This blog has been moved to http://info.timkellogg.me/blog/

Friday, February 10, 2012

C# Reflection Performance And Ruby

I've always known that reflection method invocations C# are slower than regular invocations, but I've never never known to what extent. So I set out to make an experiment to demonstrate the performance of several ways to invoke a method. Frameworks like NHibernate or the mongoDB driver  are known to serialize and deserialize objects. In order to do either of these activities they have to scan the properties of an object and dynamically invoke them to get or set the values. Normally this is done via reflection. However, I want to know if the possibility of memoizing a method call as an expression tree or delegate could offer significant performance benefits. On the side, I also want to see how C# reflection compares to Ruby method invocations.

I posted the full source to a public github repo. To quickly summarize, I wrote code that sets a property on an object 100 million times in a loop. Any setup (like finding a PropertyInfo or MethodInfo) is not included in the timings. I also checked the generated IL to make sure the compiler wasn't optimizing the loops. Please browse the code there if you need the gritty details.

Before I get into the implementation details, here are the results:



You can see that a reflection invoke is on the order of a hundred times slower than a normal property (set) invocation.

Here's the same chart but without the reflection invocation. It does a better job of showing the scale between the other tests.



Obviously, the lesson here is to directly invoke methods and properties when possible. However, there are times when you don't know what a type looks like at compile time. Again, object serialization/deserialization would be one of those use cases.

Here's an explanation of each of the tests:

Reflection Invoke (link)

This is essentially methodInfo.Invoke(obj, new[]{ value } on the setter method of the property. It is by far the slowest approach to the problem. It's also the most common way to solve the problem of insufficient pre-compile time knowledge.

Direct Invoke (link)

This is nothing other than obj.Property = value. Its as fast as it gets, but impractical for use cases where you don't have pre-compile time knowledge of the type.

Closure (link)

This isn't much more flexible than a direct invoke, but I thought it would be interesting to see how the performance degraded. This is where you create a function/closure ( (x,y) => x.Property = y) prior to the loop and just invoke the function inside the loop (action(obj, value)). At first sight it appears to be half as fast as a direct invoke, but there are actually two method calls involved here, so it's actually not any slower than a direct invoke.

Dynamic Dispatch (link)

This uses the C# 4.0 dynamic feature directly. To do this, I declared the variable as dynamic and assigned it using the same syntax as a direct invoke. Interestingly, this performs only 6x slower than direct invoke and about 20x faster than reflection invoke. Take note, if you need reflection, use dynamic as often as possible since it can really speed up method invocation.

Expression Tree (link)

The shortcoming of most of the previous approaches is that they require pre-compile time knowledge of the type. This time I tried building an expression tree (a C# 3.0 feature) and compiled a delegate that invokes the setter. This makes it flexible enough that you can call any property of an object without compile-time knowledge of the name, as long as you know the return type. In this example, like the closure, we're indirectly setting the property, so two method calls. With this in mind, it took almost 2.5 times as long as the closure example, even though they should be functionally equivalent operations. It must be that expression trees compiled to delegates aren't actually as simple as they appear.

Expression Tree with Dynamic Dispatch (link)

Since the expression tree approach requires compile-time knowledge of the return type, it isn't as flexible. Ideally you could use C# 4.0's covariance feature and cast it to Action which compiles, but fails at runtime. So for this one, I just assigned the closure to a variable typed as dynamic to get around the compile/runtime casting issues.

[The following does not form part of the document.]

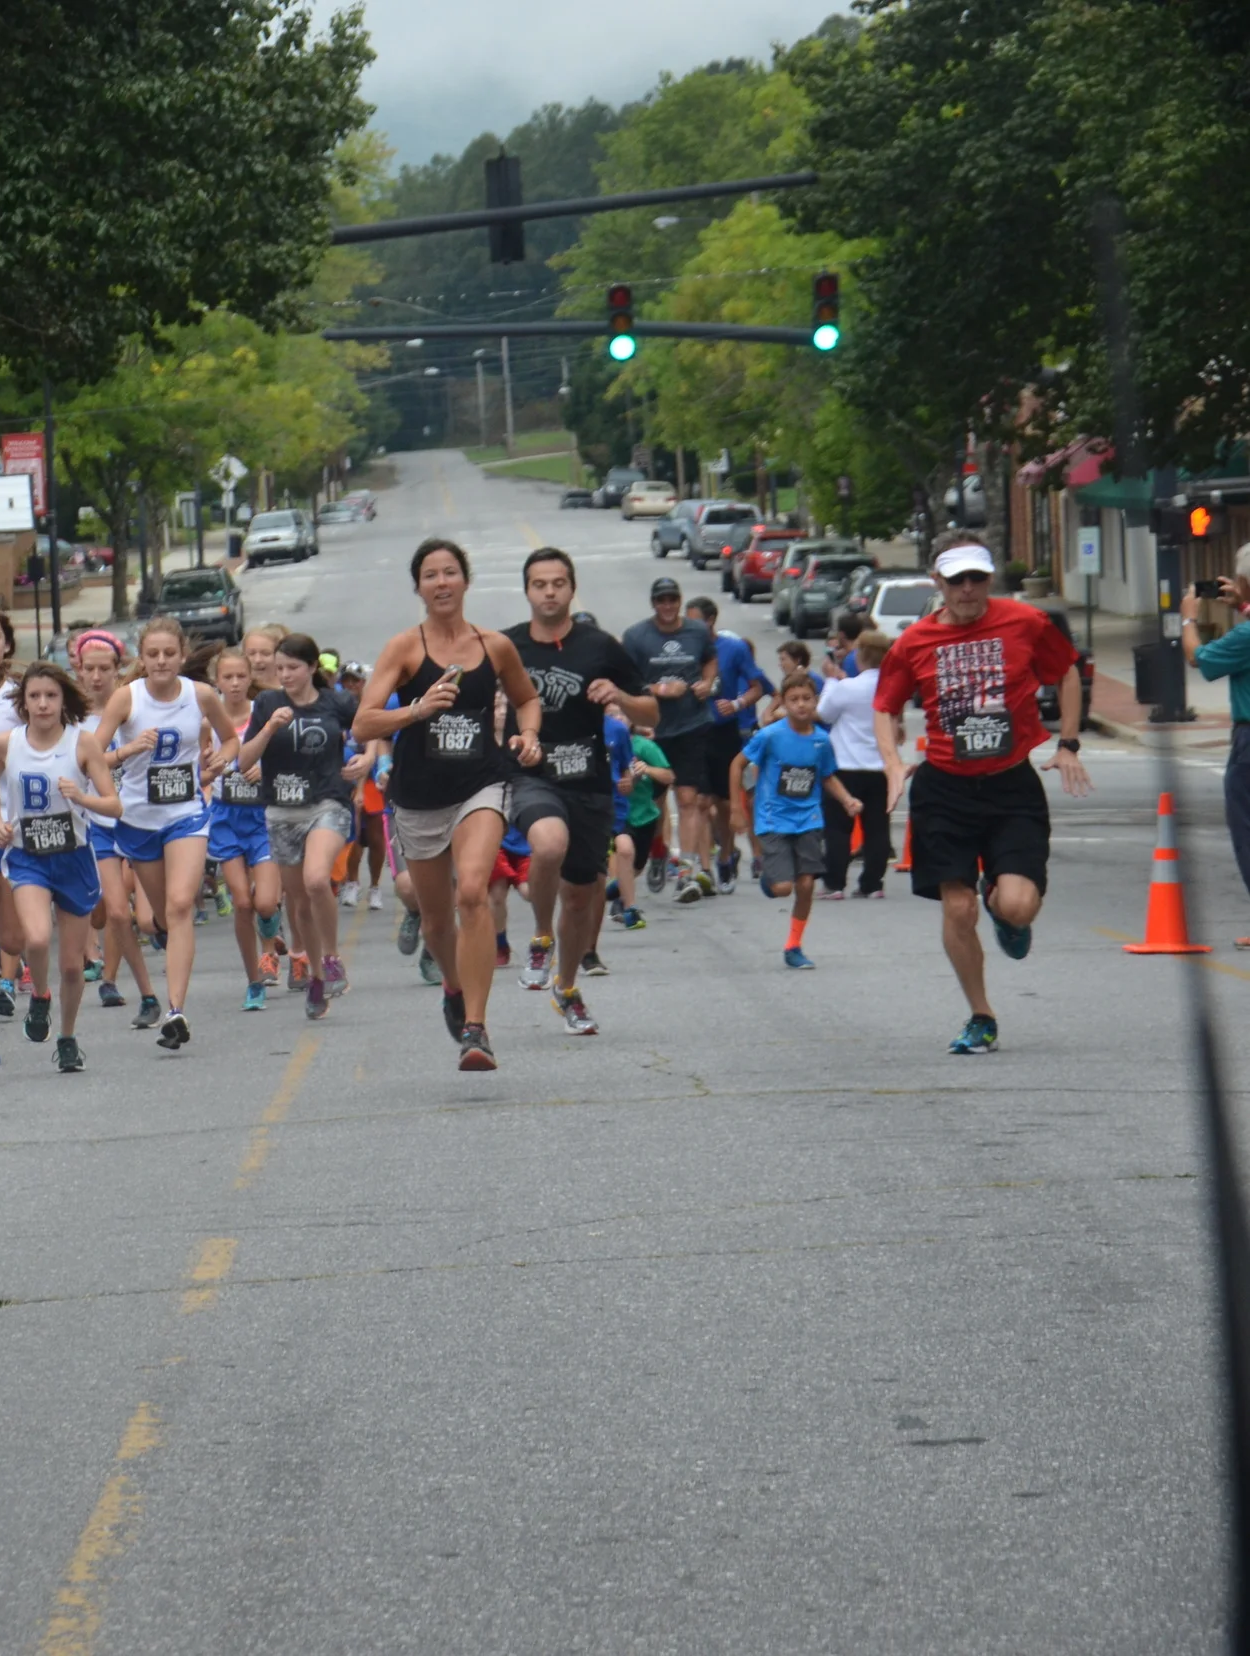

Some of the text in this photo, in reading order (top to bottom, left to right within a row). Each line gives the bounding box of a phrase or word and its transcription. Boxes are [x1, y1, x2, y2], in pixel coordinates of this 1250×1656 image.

[152, 727, 181, 764] B
[288, 717, 328, 753] 15
[19, 771, 51, 812] B

As expected, it's the slowest approach. However, its still 16 times faster than direct reflection. Perhaps, memoizing method calls, like property sets and gets, like this would actually yield a significant performance improvement.

Compared To Ruby

I thought I'd compare these results to Ruby where all method calls are dynamic. In Ruby, a method call looks first in the object's immediate class and then climbs the ladder of parent classes until it finds a suitable method to invoke. Because of this behavior I thought I would be interesting to also try a worst-case scenario with a deep level of inheritance.

To do this fairly, I initially wrote a while loop in Ruby that counted to 100 million. I rewrote the while loop in n.each syntax and saw the execution time get cut in half. Since I'm really just trying to measure method invocation time, I stuck with the n.each syntax.



I honestly thought C# Reflection would be significantly faster than the Ruby with 5 layers of in inheritance. While C# already holds a reference to the method (MethodInfo), Ruby has to search up the ladder for the method each time. I suppose Ruby's performance could be due to the fact that it's written in C and specializes in dynamic method invocation.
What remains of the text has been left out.